According to new research, the average British person spends an entire year on sick days during their working life — approximately 360 sick days over the course of a 45-year career.

The National Sickness Report listed stress and depression as the most common causes of long-term absences; the average amount ot time needed to recover from these emotional health issues is 81 sick days. Overall, up to 131 million days are lost per year due to sick days, and over 13 million of these are due to stress and depression, according to the Office for National Statistics Sickness Absence in the Labour Market 2012. Bad backs, severe migraines, ear infections or the flu were listed as the next most common ailments causing workers to stay home. The report surveyed 2,000 full-time British workers to measure their levels of health and attitudes toward sickness.
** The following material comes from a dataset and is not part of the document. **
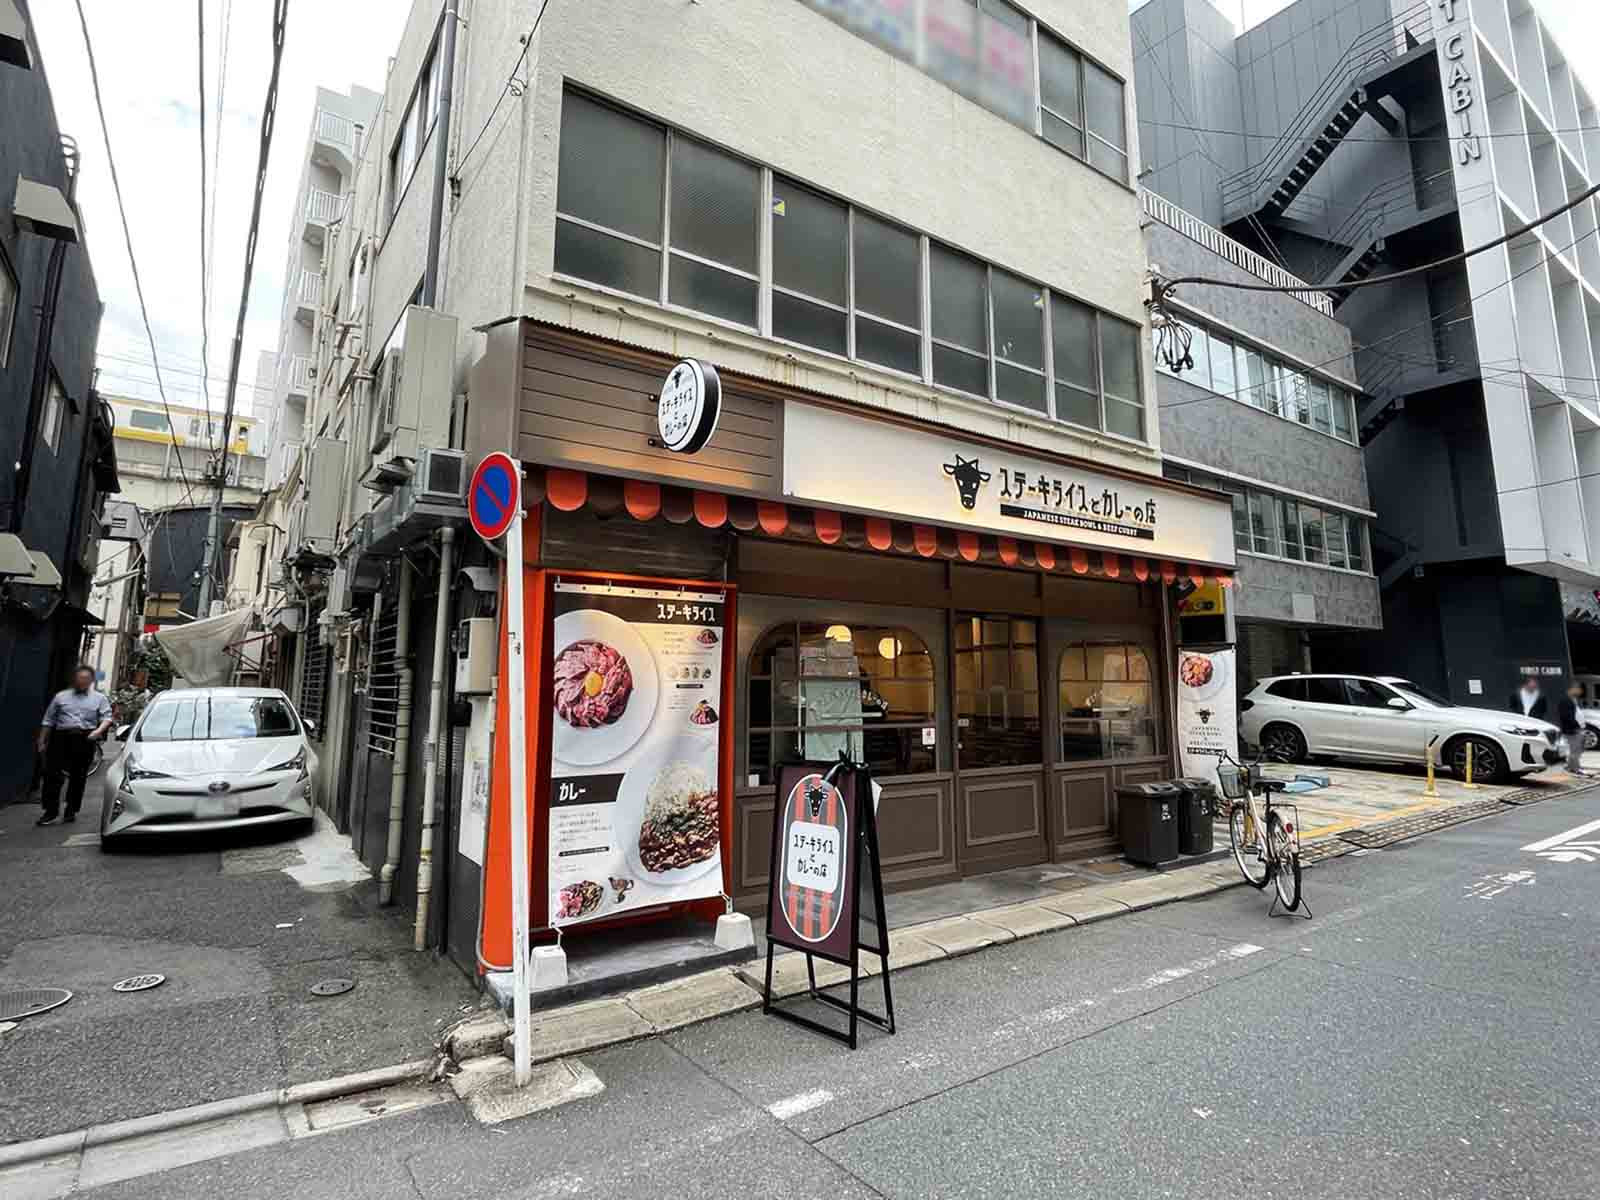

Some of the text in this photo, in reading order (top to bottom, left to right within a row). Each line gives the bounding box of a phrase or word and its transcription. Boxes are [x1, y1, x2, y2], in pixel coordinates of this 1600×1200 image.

“Whilst no one wants to think about getting ill, unfortunately none of us are invincible and the reality is that some people will need to be off work for a large chunk of time,” Mark Jones, head of protection for LV= insurance, which completed the survey, said in a press release. “[F]ar too few of us have a back-up plan in place that would protect our income if we found ourselves unable to work.” The report notes that only 36 percent of full time workers would receive Statutory Sick Pay when ill, hinting that sickness — especially if caused by a long-term underlying condition like depression or stress – could have major financial implications not only on businesses, but individuals as well.

The data out of England parallels that in the United States. In 2012, a nonprofit research organization called the Integrated Benefits Institute found that poor health in the U.S. costs the economy $576 billion per year, with 39 percent of that being from "lost productivity," or worker absenteeism. With depression and stress affecting millions of Americans, lost productivity due to depression in employees is estimated to be between $17 to $44 billion dollars. Depression causes about 200 million lost work days per year, according to the Centers for Disease Control and Prevention.